Sunday, August 30, 2015

Eva Semrad, Honeybee Backpacks


Article found on Huffington Post, written by Jaqueline Howard.

Bees have been declining in number for a few years now. It has come to our attention that they have been declining for a number of reasons, including illness and hives abandoning their queen and young. This article explains how some researchers are trying to understand causes for this behavior by tracking them. Written a few days ago (August 28, 2015), this article is new, so the results of their research is inconclusive at this time.

We hope to soon find out why the bees have been dying, and why the number of hives have been reduced by about a third before it is to late to help them. Honeybees are valuable not only because they produce honey, but also they are natures finest pollinators. Without bees, we will have to pollinate manually, or worse, the number of wasps will rise in order to fill the gap.

This article informs its readers that we can do something about the extinction of bees.

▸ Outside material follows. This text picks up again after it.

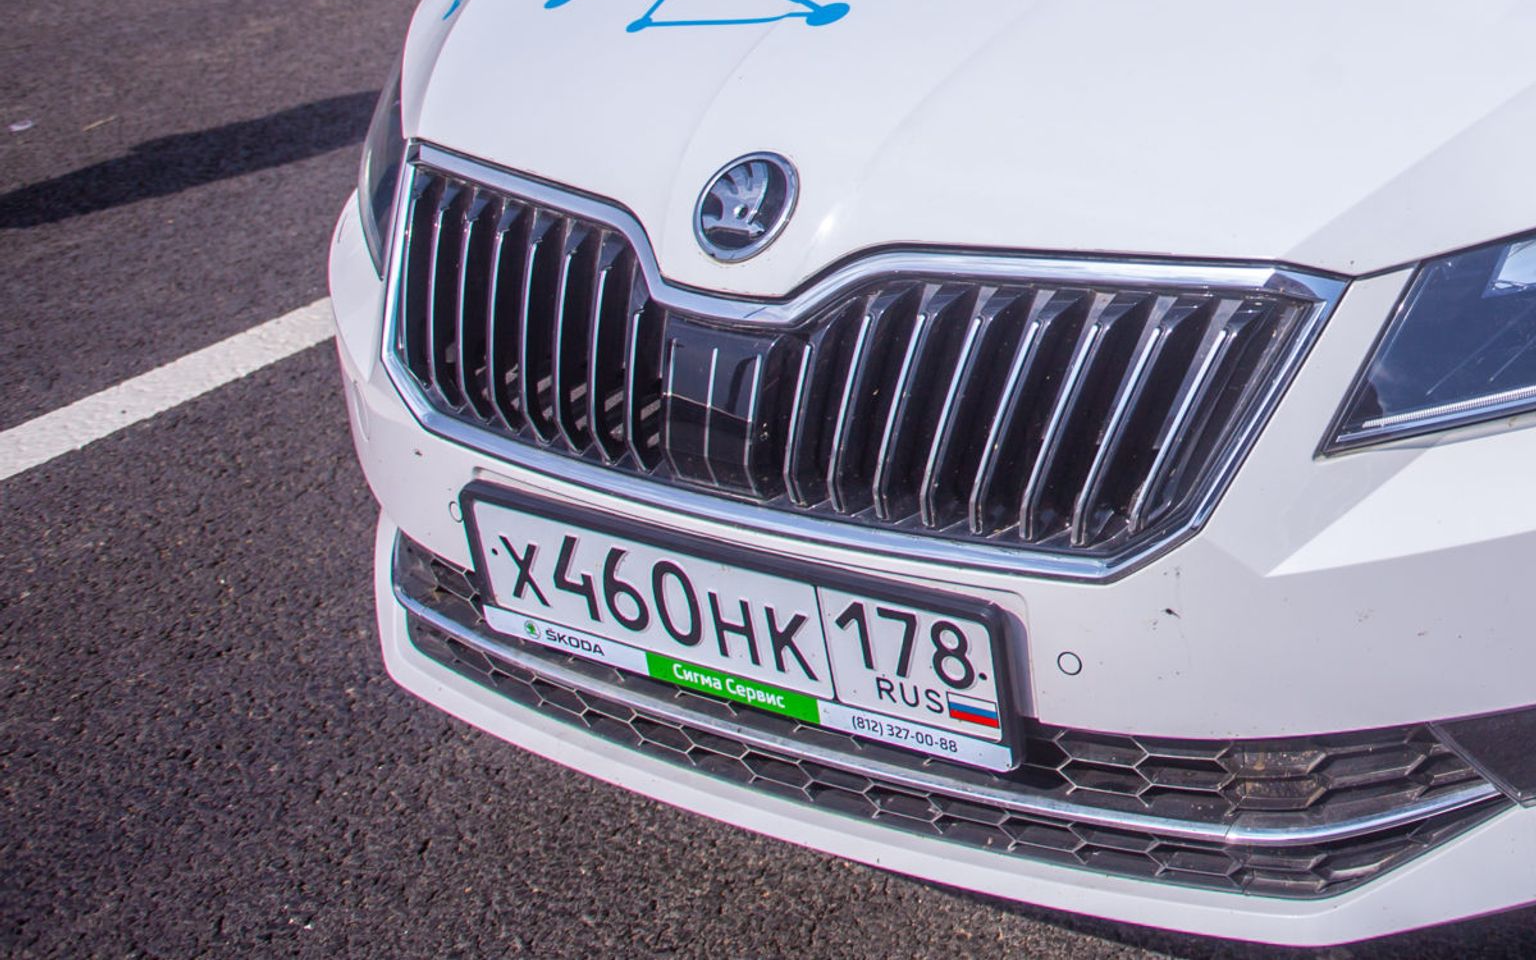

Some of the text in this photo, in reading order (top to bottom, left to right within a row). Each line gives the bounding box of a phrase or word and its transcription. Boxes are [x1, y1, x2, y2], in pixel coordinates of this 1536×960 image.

We need to step up out game to help these little buzzers so we can keep honey, and flowering plants. 30% out our agriculture, and 90% of wild plant life is pollinated by bees.

3 comments:

  1. I hadn't thought about the number of wasps increasing as a possible side effect of bee decline. That's interesting and horrifying. -Brooks Norton

    ReplyDelete
  2. How tragic. Sadness overwhelms my heart because bees are so precious. I personally prefer bees over wasps. when you think of wasps, you think of kill, kill, kill. In the other hand, bees remind me of honey which then make me think of winnie the pooh and that is grrreat just like Tony the tiger who never gives up and is always Lovin' it. parapapapa - Mariela Lomeli

    ReplyDelete
  3. Amongst the myriad of problems concerning our environment, the decline of the bee population is the most troubling. Although it seems like the least of our worries, without bees other environmental systems will begin to suffer. It could cause a disastrous train reaction that might leave Earth uninhabitable. It is extremely encouraging that scientists are making such an effort to study this decline and figure out ways to counteract it.